HS: Why did you move out of the city?
JA: It started getting bad, and you know, this was cheap, compared to…. I had my house on Vaughn that I had grown up and lived on, and she lived over here on Vaughn, so I moved in with her and I rented out my house. Then she said, “Let’s move!” “Okay, where you wanna move?” And she went out and she found houses and just pick one, I don’t want to walk around. I mean, she would walk around and look at houses days at a time. I didn’t want to. I settled on this one, okay, then they started building Millpoint, and these houses here, and in hindsight she wanted, “Let’s forget this one and move in here.” I should’ve moved over here, right here on the corner, them five houses, because this one, the association’s for crap here. We’ve been here since, ’93, ’94. In fact, we sold our house and then we had to pay rent to the people that bought it until they finished building this one. Been here ever since.

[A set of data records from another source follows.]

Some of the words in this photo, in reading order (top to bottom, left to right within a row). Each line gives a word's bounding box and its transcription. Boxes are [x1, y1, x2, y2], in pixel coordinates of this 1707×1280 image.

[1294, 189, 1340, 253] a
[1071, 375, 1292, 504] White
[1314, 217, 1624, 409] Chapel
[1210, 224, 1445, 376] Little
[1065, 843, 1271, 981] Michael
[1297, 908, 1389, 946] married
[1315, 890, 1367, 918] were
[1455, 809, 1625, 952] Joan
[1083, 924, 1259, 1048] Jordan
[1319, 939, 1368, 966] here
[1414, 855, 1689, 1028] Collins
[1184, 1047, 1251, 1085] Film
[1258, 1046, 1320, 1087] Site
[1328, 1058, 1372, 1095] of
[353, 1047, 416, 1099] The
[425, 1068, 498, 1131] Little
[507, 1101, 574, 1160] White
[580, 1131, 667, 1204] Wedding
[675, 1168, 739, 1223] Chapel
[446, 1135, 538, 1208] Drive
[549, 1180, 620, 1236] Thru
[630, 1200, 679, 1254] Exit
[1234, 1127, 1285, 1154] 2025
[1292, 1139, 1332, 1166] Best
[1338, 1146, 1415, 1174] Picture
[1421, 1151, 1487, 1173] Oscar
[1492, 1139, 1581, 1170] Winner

HS: Where do you city going, like in its future?
JA: I’m keeping track of it. Kwame Kilpatrick, he said while he was in jail, “The only thing that will fix Detroit is a white mayor.” And Duggan got in there, and I think he’s doing a pretty fair job. And Alexis Wiley is one smart cookie, I remember her being on the news—channel 2 news. They all speak very well of the city. And—not last year, because I put in a new motor in my Corvette last year—but two years before that, I had season tickets for the Tigers, and Kathy and I or her brother and I or my buddies from work would go there, and we had no problem. And then after the ballgame, we’d walk downtown. I never needed to look over my shoulder. I never felt that way. When I worked down there, when I was sixteen, I used to do all my shopping down Woodward. I had a book report, go to bookstores. I had to look nice, so I had to have some nice clothes, all my friends said, “Man, you sure are sharp!” Back then, when I got out of work, I’d have to walk up to Woodward, the professional plaza, and the big parking lot, then the hospital, and I’d have to walk straight down to Woodward. A lot of times, it was dark outside in the winter time and you’d have some winos and that walking up and down Woodward and that, and they’d be yelling and screaming. I didn’t want to be bothered, and I’d walk down the middle of Woodward, in the middle lane, just to stay away from people. Cause if they wanted to come out into traffic, well, I’m sixteen, I could run really fast.
HS: Do you have any advice for future generations regarding the city of Detroit?
JA: Go down! Go down and enjoy yourself. Because if you don’t, if you stay away, it might revert back. Go down, enjoy yourselves. I see the people moving in, I wish I had a bunch of money, I could buy a storefront or whatever, buy something and turn it into lofts or a business. I wouldn’t mind having a little soup and sandwich joint. That would be wonderful, because even when I was taking the bus, you get on from Cadillac Square, you get on the Woodward bus, and you’d pass Hudson’s. Always a booming business, you know, always. Gosh, even Vernor’s was still open down there, and then little by little you passed over the freeway is when—it didn’t start falling to pieces, but you could tell it was just old neighborhoods. Now they’re slowly but surely building everything up. Not doing the neighborhoods as fast as they could, but they need money to do that. They don’t have all the money and I don’t have a whole lot of money. My wife works and I retired.
HS: Do you have any questions, Billy?
WW: Nope.
HS: Well, thank you so much for sitting down with us today, we greatly appreciate it.